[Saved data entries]
——

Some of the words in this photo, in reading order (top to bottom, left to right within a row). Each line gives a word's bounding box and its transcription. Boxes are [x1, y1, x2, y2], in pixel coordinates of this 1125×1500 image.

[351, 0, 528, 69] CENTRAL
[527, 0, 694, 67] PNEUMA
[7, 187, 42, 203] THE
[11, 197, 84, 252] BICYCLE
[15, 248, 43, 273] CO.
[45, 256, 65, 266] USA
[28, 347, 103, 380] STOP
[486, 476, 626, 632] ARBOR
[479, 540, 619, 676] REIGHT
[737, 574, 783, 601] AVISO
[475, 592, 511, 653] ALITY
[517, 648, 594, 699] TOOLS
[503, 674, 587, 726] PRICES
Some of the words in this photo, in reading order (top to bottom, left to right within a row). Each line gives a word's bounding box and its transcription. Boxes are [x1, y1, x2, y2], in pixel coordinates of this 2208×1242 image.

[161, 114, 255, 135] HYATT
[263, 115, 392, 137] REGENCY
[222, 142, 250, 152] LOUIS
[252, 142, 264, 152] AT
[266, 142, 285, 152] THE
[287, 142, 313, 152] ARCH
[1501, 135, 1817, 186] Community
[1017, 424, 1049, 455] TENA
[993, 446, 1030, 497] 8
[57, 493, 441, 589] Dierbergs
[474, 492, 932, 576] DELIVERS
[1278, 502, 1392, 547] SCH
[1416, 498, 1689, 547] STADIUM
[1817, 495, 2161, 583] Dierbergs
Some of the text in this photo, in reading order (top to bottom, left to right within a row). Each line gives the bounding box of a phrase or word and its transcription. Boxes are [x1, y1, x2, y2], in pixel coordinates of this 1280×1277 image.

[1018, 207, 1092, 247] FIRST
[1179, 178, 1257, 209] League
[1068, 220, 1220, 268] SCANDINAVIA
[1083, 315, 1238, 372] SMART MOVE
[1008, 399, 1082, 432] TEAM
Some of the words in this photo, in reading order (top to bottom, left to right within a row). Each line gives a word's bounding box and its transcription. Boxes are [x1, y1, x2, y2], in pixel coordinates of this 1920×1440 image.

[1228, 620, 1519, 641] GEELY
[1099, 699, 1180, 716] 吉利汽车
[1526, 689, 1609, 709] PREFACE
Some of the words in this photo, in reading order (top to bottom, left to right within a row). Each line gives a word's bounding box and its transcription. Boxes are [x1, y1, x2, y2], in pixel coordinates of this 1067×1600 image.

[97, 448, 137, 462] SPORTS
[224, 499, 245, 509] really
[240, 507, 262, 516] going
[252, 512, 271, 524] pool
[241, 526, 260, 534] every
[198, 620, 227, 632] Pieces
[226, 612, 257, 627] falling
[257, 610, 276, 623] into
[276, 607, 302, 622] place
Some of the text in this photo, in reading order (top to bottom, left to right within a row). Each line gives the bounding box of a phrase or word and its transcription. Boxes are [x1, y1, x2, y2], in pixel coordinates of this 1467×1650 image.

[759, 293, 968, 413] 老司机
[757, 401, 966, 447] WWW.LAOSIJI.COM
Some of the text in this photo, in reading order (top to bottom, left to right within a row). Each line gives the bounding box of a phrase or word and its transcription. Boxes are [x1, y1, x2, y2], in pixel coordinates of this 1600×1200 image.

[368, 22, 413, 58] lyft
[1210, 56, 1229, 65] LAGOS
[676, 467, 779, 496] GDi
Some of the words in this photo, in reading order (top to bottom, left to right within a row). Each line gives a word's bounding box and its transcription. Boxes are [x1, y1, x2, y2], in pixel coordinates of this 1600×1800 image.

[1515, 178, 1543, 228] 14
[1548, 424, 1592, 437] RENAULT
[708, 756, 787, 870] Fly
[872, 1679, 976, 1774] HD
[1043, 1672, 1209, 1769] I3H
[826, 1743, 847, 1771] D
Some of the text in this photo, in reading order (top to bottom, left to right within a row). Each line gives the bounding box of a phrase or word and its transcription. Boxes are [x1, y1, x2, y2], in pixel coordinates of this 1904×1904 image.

——

Required action:
The lines from the one containing "this 1600×1800 image." through the final line of the entries above are to be printed exactly, with nothing added.

Answer section:
Some of the words in this photo, in reading order (top to bottom, left to right within a row). Each line gives a word's bounding box and its transcription. Boxes are [x1, y1, x2, y2], in pixel coordinates of this 1600×1800 image.

[1515, 178, 1543, 228] 14
[1548, 424, 1592, 437] RENAULT
[708, 756, 787, 870] Fly
[872, 1679, 976, 1774] HD
[1043, 1672, 1209, 1769] I3H
[826, 1743, 847, 1771] D
Some of the text in this photo, in reading order (top to bottom, left to right within a row). Each line gives the bounding box of a phrase or word and its transcription. Boxes are [x1, y1, x2, y2], in pixel coordinates of this 1904×1904 image.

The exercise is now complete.